As technology changes, new entertainment platforms are born. When pong, widely recognized as the first true “video game,” was released no one predicted that companies would be spending hundreds of thousands of dollars on video game based advertising less than 3 decades later.
We are once again on the cusp of the widespread adoption of a revolutionary technology. Virtual reality, both as a stand-alone attraction such as the hotly anticipated “Void” virtual theme park, or at-home platforms like the HTC Vive or PlayStation VR, presents a unique opportunity for advertisers, and advertising on these platforms will inevitably become an important aspect of future marketing campaigns.
In this article, we’ll explore a few possible ways VR marketing may become the next big thing in product exposure.
The Product Demonstration
While purveyors of video games and video content may seem like the only companies that could make use of this technology, such a conception is short-sighted.
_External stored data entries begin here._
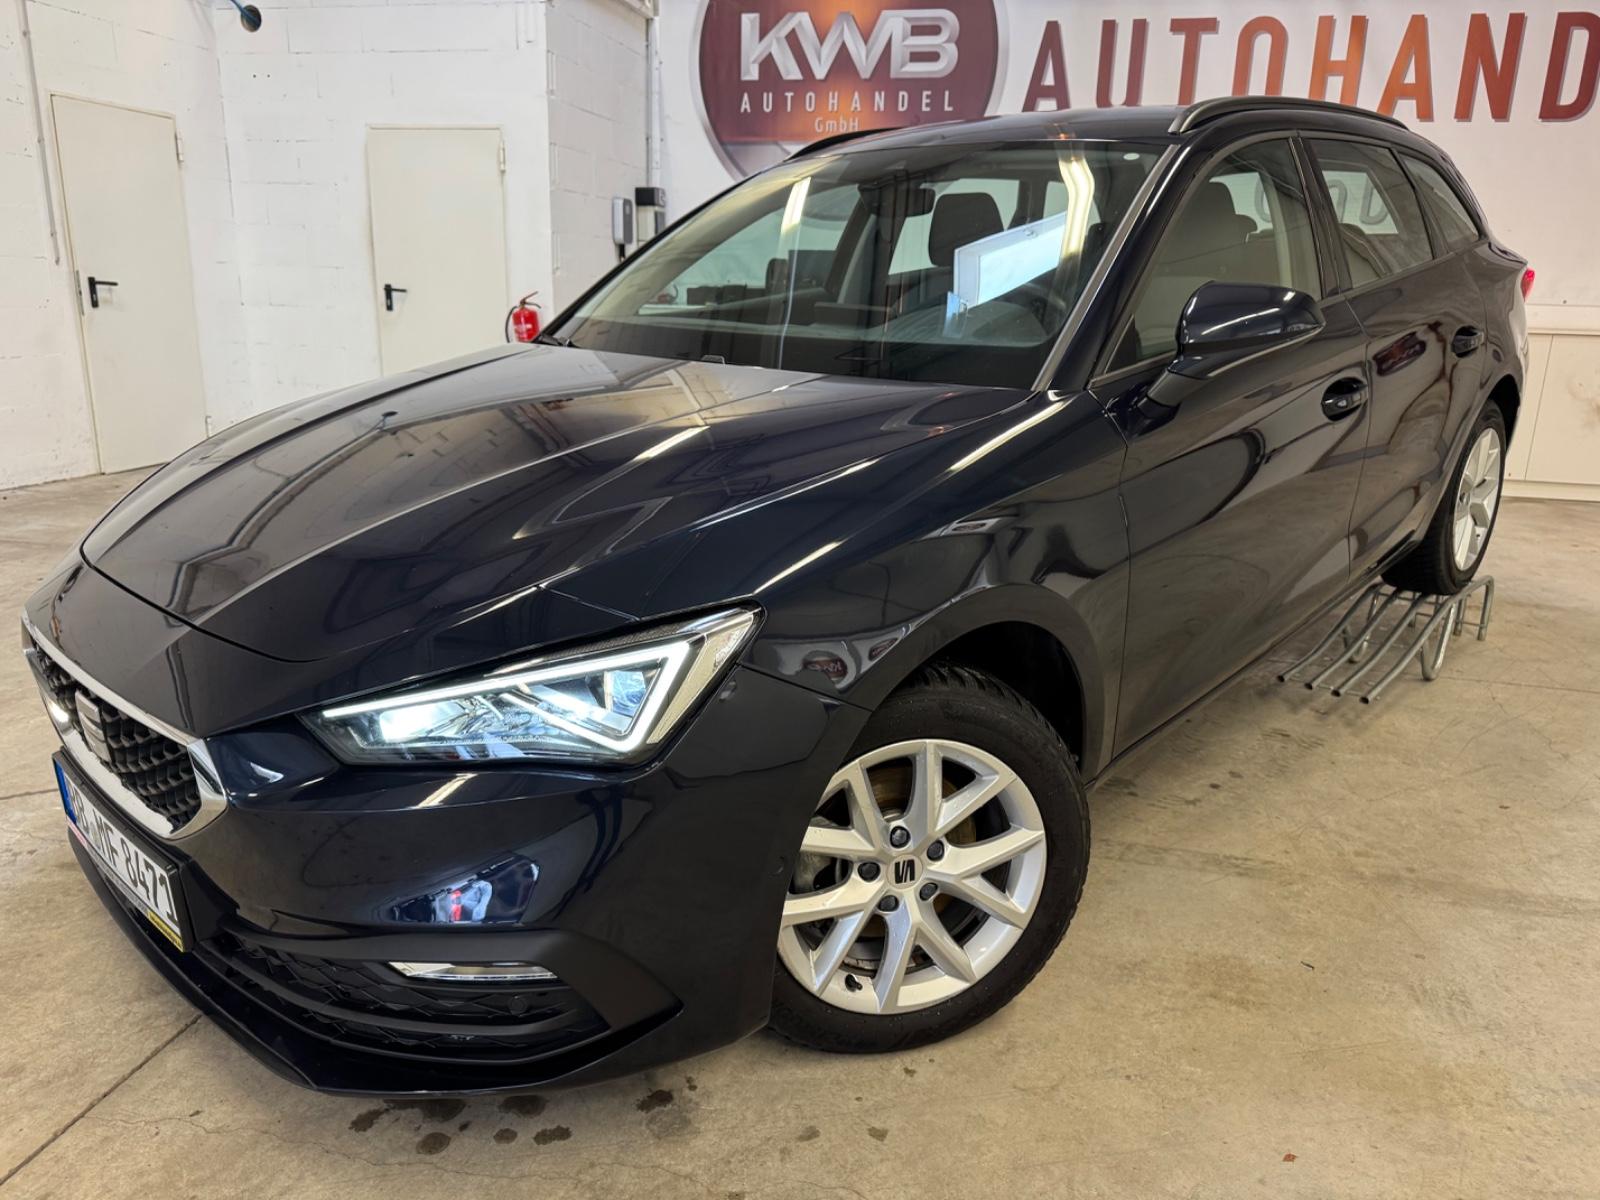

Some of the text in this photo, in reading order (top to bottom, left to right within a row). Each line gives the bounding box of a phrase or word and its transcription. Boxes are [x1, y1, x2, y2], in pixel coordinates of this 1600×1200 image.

[740, 8, 960, 81] KWB
[740, 89, 954, 113] AUTOHANDEL
[814, 117, 859, 133] GmbH
[121, 837, 180, 926] 8471
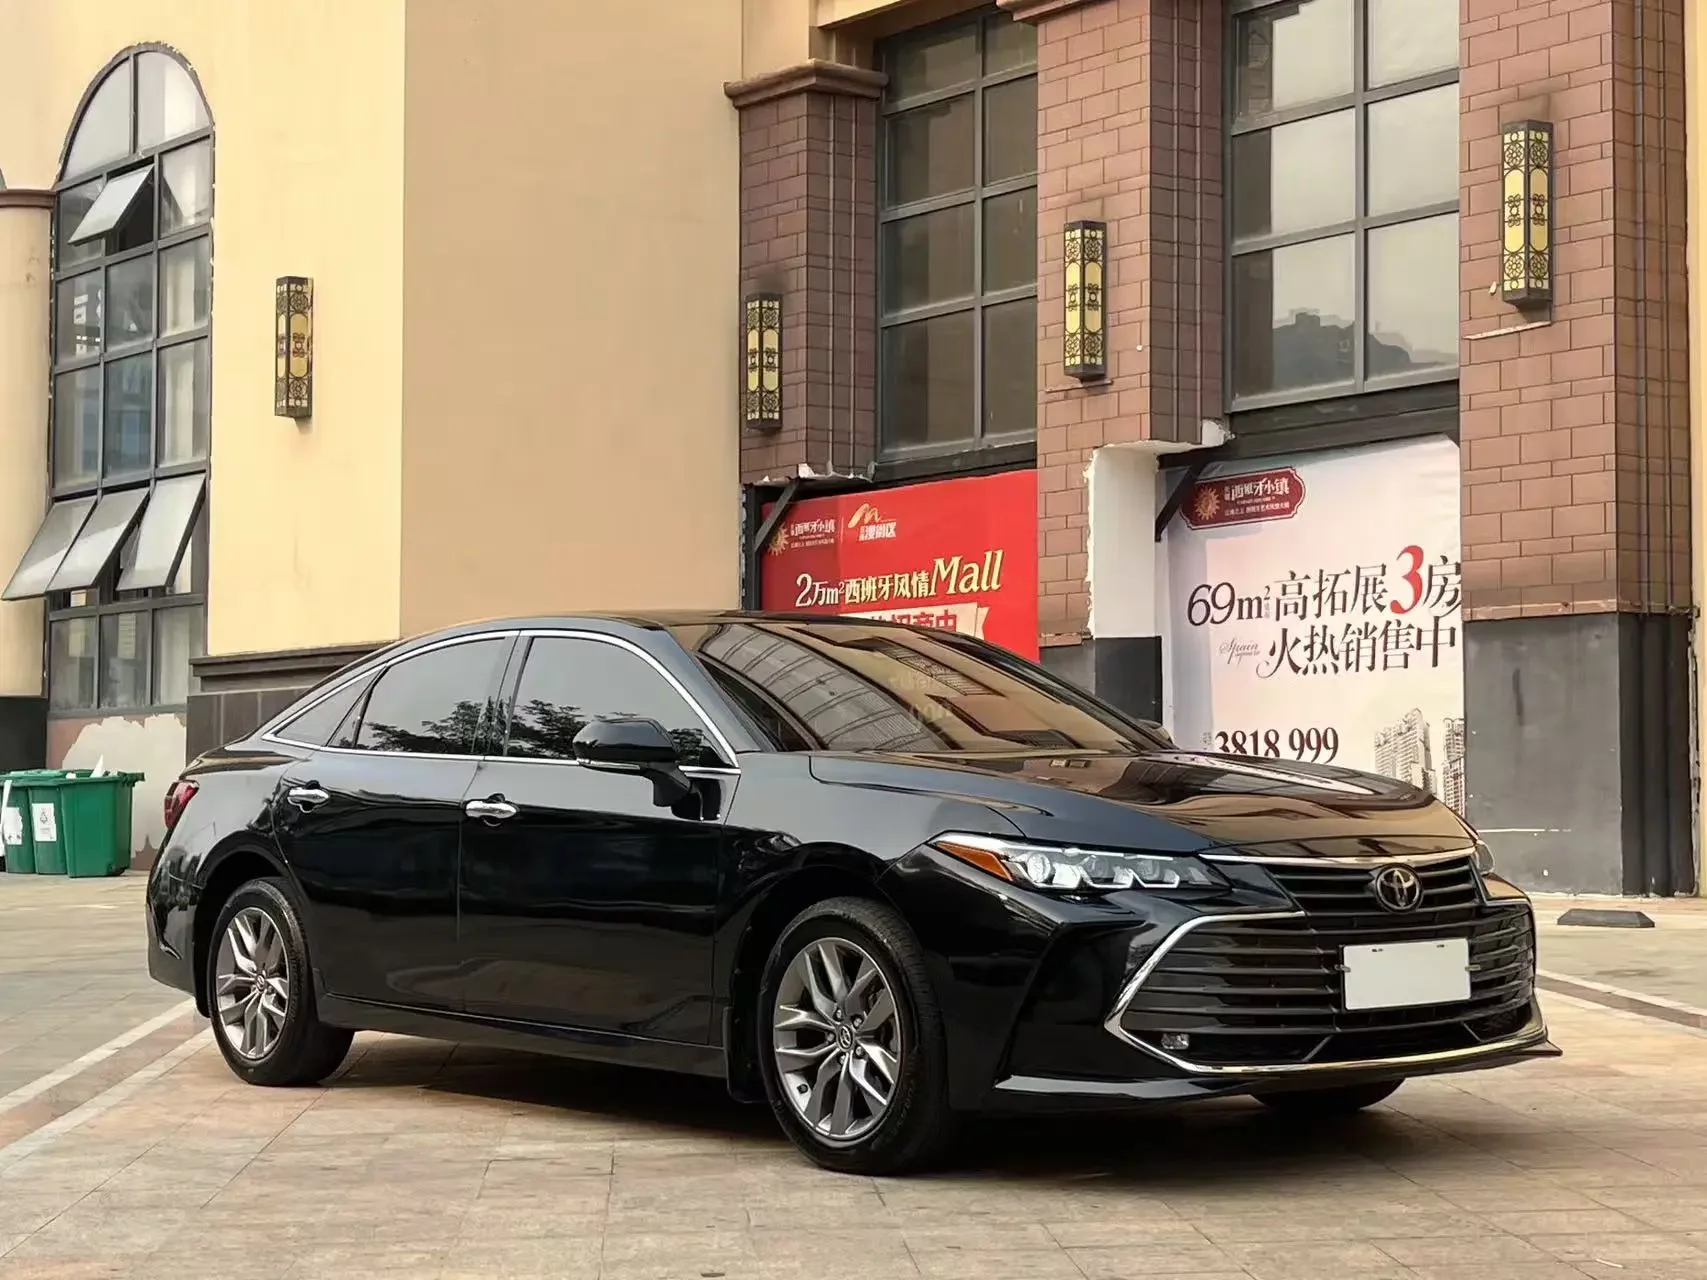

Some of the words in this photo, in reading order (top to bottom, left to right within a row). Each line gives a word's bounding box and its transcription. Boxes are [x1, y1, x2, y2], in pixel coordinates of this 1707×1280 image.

[1256, 616, 1456, 679] 火热销售中
[1288, 727, 1339, 764] 999
VR tech allows companies that offer experiential products, like ski resorts, theme-parks, automobile manufacturers and others, to build experiences that not only feature their product but demo how it is used while educating the potential buyer on the features that set it apart.
Imagine selling a car your customer is able to test drive from home, or advertising a ski-resort on the other side of the world by letting your potential customer try out the slopes—or at least a high-definition, 3D, video of them — from the comfort of their living room. Regarding the former industry, there is a clear advantage in the form of safety. For instance, learning to drive a manual transmission or operating a low-cost interlock device on your daily commute can be done in a simulator setting rather than the open road.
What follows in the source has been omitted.